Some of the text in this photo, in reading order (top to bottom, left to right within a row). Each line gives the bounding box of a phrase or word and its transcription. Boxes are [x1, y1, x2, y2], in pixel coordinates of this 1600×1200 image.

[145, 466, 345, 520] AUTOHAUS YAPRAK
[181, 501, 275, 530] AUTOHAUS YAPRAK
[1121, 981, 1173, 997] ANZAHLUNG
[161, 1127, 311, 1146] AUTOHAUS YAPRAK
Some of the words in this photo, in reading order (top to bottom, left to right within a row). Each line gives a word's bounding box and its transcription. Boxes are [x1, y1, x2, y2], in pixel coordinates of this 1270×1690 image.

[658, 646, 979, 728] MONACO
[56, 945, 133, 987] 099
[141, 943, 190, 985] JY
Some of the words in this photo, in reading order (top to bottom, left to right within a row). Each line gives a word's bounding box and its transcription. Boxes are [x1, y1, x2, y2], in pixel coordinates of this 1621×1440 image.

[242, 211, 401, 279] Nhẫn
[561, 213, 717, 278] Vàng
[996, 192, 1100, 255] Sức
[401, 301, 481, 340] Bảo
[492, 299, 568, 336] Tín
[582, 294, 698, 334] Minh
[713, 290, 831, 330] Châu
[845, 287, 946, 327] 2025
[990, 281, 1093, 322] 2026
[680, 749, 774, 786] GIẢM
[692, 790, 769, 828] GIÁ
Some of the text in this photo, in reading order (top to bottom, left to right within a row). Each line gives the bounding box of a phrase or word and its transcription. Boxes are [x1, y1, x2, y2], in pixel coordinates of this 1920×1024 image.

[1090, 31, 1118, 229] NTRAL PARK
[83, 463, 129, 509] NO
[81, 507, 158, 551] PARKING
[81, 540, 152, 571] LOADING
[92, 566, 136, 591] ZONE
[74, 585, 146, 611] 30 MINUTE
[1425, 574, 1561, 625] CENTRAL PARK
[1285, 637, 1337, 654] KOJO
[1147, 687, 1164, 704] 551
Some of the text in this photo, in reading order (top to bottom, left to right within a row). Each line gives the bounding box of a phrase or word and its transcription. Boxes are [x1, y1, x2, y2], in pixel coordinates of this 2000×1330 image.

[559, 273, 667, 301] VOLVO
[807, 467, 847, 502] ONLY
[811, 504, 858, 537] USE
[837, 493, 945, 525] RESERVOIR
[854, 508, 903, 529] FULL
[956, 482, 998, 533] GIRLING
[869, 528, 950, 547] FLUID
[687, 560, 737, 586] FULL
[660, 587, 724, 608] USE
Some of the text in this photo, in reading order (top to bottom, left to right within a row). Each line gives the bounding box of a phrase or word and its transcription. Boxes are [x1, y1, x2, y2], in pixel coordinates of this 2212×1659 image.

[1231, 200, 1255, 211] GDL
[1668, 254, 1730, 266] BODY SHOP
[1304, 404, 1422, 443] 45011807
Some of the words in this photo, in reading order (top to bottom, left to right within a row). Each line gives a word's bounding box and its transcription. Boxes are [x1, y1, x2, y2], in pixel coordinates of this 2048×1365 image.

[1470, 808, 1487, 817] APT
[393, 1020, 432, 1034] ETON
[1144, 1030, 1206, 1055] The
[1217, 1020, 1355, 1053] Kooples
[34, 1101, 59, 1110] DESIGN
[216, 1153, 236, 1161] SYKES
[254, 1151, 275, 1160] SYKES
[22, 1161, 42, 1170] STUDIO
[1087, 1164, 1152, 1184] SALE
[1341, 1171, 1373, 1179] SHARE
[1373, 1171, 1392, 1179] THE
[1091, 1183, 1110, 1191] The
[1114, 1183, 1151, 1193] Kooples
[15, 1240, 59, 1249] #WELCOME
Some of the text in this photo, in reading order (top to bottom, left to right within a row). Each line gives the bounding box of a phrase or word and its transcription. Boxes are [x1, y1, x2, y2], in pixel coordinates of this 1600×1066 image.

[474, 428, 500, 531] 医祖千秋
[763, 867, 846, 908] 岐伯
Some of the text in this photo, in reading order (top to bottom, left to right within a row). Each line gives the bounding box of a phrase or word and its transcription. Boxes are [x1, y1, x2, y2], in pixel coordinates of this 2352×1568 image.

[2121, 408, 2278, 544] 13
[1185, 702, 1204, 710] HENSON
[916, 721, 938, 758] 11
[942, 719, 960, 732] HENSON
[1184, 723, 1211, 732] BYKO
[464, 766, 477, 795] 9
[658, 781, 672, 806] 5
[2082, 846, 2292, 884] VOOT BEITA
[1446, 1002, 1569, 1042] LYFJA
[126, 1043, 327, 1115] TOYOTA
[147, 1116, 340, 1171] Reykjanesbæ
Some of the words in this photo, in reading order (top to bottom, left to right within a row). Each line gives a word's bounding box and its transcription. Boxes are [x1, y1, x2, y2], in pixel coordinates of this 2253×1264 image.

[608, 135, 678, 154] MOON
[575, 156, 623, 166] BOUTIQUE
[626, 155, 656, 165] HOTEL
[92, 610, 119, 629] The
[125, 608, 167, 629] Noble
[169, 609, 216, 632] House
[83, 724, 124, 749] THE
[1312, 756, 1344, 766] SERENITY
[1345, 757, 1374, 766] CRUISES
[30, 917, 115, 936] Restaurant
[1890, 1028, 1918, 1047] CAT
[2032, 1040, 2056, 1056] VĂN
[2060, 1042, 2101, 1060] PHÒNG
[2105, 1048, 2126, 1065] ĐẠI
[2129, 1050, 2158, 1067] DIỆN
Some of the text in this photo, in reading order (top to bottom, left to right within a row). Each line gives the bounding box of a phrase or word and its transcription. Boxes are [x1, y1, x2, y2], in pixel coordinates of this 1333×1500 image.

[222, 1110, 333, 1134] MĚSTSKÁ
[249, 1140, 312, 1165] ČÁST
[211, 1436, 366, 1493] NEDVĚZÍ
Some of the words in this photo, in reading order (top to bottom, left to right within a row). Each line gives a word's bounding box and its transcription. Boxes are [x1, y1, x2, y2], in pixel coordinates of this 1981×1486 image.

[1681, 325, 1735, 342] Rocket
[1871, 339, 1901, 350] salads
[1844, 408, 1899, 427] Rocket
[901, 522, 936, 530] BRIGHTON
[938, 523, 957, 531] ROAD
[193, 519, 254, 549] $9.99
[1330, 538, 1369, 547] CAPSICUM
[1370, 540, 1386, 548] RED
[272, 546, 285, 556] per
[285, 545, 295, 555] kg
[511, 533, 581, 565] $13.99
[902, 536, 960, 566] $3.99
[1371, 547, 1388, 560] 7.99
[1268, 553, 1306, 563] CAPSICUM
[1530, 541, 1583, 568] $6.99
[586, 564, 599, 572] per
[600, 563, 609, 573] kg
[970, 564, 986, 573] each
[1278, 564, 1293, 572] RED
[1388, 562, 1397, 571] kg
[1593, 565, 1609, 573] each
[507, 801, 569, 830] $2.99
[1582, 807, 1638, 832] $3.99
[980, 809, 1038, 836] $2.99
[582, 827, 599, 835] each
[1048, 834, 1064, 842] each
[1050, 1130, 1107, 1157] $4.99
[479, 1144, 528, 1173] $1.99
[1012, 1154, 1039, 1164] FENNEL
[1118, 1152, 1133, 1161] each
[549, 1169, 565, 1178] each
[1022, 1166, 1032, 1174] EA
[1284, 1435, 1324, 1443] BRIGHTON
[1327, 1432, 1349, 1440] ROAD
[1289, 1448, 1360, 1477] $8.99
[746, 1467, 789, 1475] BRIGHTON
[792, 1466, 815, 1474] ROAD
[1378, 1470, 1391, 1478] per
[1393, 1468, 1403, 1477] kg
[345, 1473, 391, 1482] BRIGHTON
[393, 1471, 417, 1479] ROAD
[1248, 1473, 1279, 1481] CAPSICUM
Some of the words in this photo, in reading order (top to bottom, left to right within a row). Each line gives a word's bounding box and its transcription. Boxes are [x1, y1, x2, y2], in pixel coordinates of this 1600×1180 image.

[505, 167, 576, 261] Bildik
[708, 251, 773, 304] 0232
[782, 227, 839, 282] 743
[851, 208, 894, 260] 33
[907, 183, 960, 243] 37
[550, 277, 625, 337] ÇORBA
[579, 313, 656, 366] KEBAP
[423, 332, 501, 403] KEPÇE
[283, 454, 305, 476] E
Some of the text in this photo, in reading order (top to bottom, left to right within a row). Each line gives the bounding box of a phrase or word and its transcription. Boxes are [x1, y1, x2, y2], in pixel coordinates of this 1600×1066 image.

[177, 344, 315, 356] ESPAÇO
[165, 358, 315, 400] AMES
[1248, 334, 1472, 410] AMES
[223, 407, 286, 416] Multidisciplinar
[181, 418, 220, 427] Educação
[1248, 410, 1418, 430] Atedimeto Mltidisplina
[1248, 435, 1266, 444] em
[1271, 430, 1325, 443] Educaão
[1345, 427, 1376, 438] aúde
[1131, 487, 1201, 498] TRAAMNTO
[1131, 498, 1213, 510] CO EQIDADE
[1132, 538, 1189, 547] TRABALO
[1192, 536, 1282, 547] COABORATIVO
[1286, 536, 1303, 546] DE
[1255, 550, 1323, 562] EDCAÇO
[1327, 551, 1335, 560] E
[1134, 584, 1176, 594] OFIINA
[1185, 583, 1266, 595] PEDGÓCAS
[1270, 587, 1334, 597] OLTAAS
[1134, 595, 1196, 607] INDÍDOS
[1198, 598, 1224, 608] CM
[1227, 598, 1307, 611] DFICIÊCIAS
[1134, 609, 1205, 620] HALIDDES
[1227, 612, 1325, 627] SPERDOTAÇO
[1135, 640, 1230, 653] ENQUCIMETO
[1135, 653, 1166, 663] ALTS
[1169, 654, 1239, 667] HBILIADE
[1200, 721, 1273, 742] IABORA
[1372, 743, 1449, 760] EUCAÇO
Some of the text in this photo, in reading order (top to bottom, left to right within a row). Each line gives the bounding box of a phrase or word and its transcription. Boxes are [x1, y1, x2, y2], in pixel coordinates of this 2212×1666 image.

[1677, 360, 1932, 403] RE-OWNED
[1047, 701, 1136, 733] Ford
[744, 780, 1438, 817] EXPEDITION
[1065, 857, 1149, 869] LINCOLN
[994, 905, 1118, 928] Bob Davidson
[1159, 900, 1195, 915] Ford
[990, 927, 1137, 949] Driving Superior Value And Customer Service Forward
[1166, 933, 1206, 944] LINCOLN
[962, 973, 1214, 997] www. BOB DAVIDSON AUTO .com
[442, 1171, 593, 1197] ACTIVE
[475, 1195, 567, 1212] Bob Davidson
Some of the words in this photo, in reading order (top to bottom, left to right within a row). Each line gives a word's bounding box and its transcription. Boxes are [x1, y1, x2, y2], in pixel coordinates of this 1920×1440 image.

= = = = = = =

- What you will do: Which lines run from the one containing "this 2212×1666 image." through the end of the material? Output exactly those lines and no others.

- Exercise response:
Some of the text in this photo, in reading order (top to bottom, left to right within a row). Each line gives the bounding box of a phrase or word and its transcription. Boxes are [x1, y1, x2, y2], in pixel coordinates of this 2212×1666 image.

[1677, 360, 1932, 403] RE-OWNED
[1047, 701, 1136, 733] Ford
[744, 780, 1438, 817] EXPEDITION
[1065, 857, 1149, 869] LINCOLN
[994, 905, 1118, 928] Bob Davidson
[1159, 900, 1195, 915] Ford
[990, 927, 1137, 949] Driving Superior Value And Customer Service Forward
[1166, 933, 1206, 944] LINCOLN
[962, 973, 1214, 997] www. BOB DAVIDSON AUTO .com
[442, 1171, 593, 1197] ACTIVE
[475, 1195, 567, 1212] Bob Davidson
Some of the words in this photo, in reading order (top to bottom, left to right within a row). Each line gives a word's bounding box and its transcription. Boxes are [x1, y1, x2, y2], in pixel coordinates of this 1920×1440 image.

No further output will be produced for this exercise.